Please transcribe the lines below exactly, and leave every image behind.

### DATA FOR ANALYSIS
★ ★ ★ ★ ★

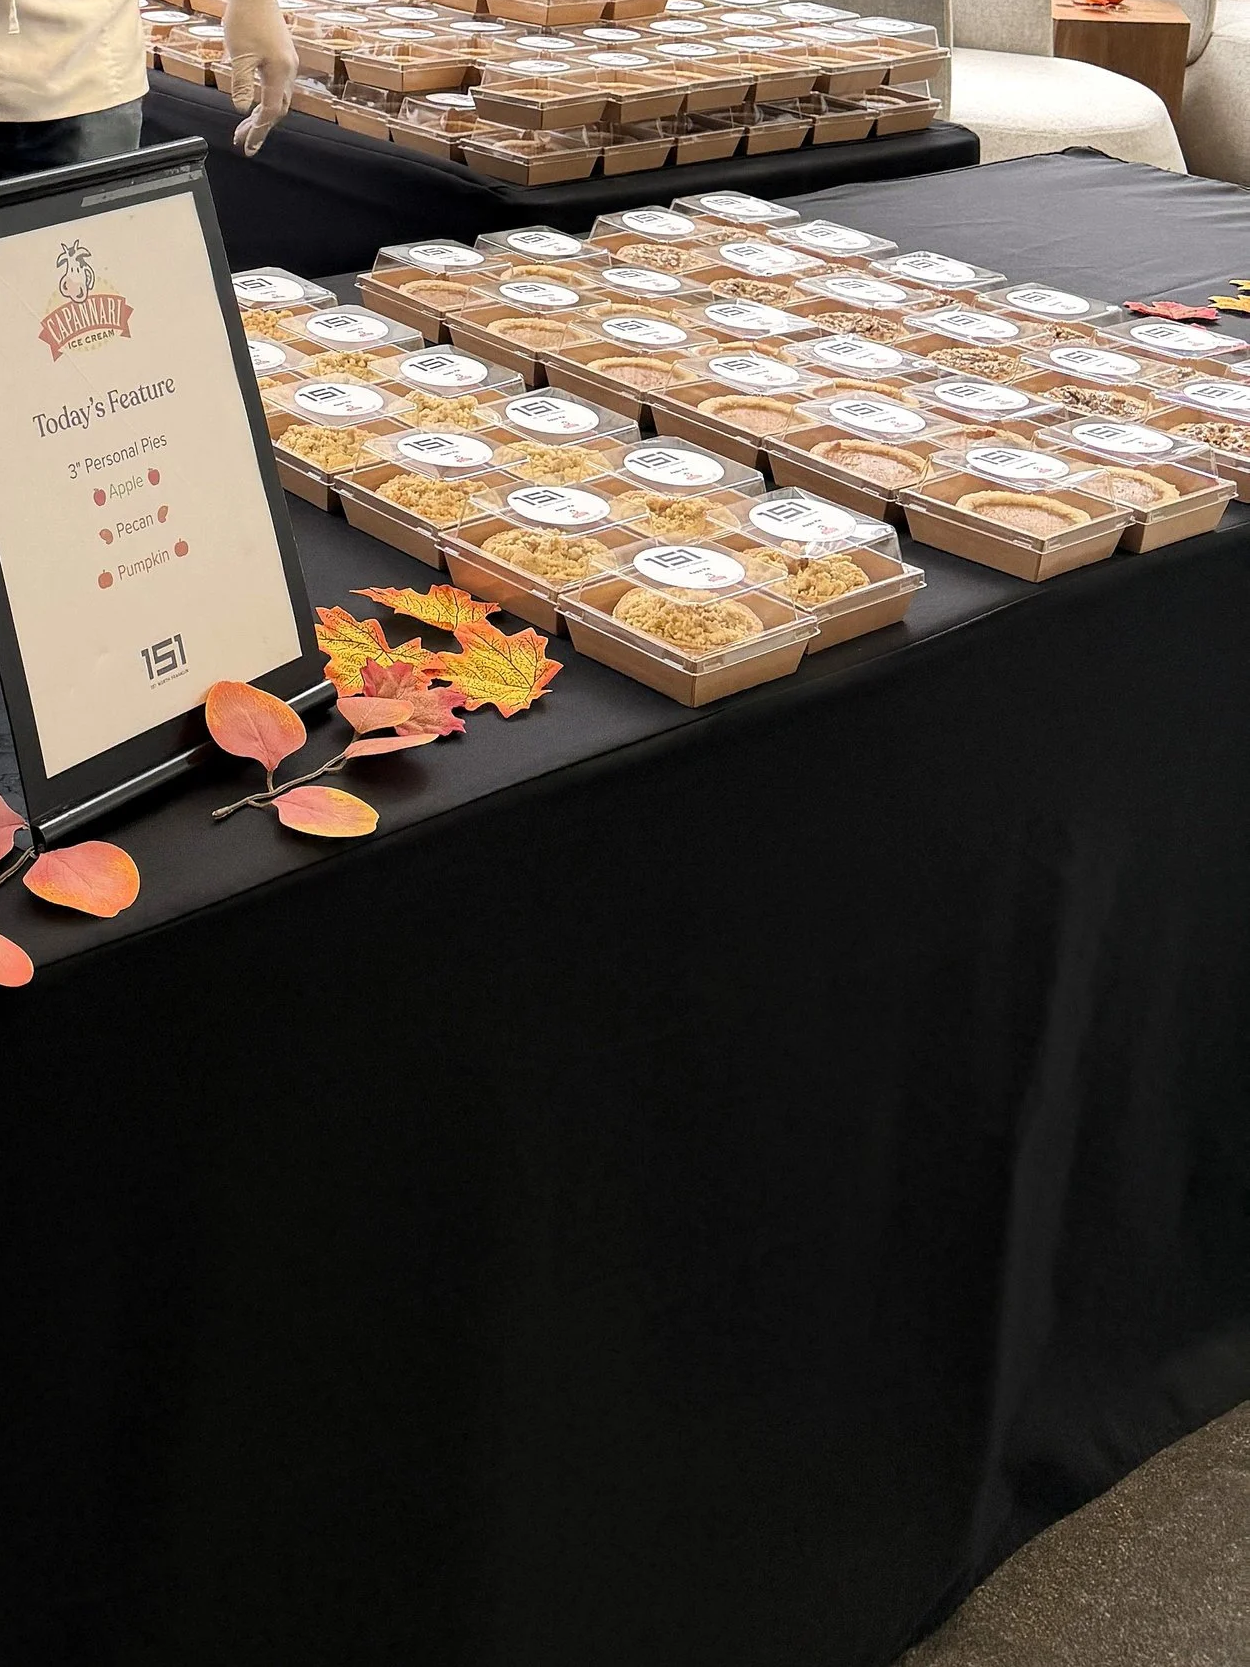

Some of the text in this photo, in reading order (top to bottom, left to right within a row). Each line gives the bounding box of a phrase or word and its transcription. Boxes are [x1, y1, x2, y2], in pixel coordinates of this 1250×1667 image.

[47, 297, 122, 344] CAPANNARI
[315, 315, 358, 329] 151
[68, 329, 115, 349] ICE CREAM
[409, 356, 454, 372] 151
[107, 378, 176, 414] Feature
[299, 387, 346, 402] 151
[511, 401, 560, 416] 151
[404, 437, 454, 451] 151
[84, 441, 139, 474] Personal
[141, 434, 168, 453] Pies
[628, 451, 679, 468] 151
[109, 475, 144, 499] Apple
[512, 489, 565, 506] 151
[756, 502, 812, 521] 151
[116, 514, 154, 538] Pecan
[117, 549, 170, 580] Pumpkin
[644, 549, 702, 568] 151
[141, 633, 187, 681] 151

★ ★ ★ ★ ★

### RESULT OF THE TASK
Some of the text in this photo, in reading order (top to bottom, left to right within a row). Each line gives the bounding box of a phrase or word and its transcription. Boxes are [x1, y1, x2, y2], in pixel coordinates of this 1250×1667 image.

[47, 297, 122, 344] CAPANNARI
[315, 315, 358, 329] 151
[68, 329, 115, 349] ICE CREAM
[409, 356, 454, 372] 151
[107, 378, 176, 414] Feature
[299, 387, 346, 402] 151
[511, 401, 560, 416] 151
[404, 437, 454, 451] 151
[84, 441, 139, 474] Personal
[141, 434, 168, 453] Pies
[628, 451, 679, 468] 151
[109, 475, 144, 499] Apple
[512, 489, 565, 506] 151
[756, 502, 812, 521] 151
[116, 514, 154, 538] Pecan
[117, 549, 170, 580] Pumpkin
[644, 549, 702, 568] 151
[141, 633, 187, 681] 151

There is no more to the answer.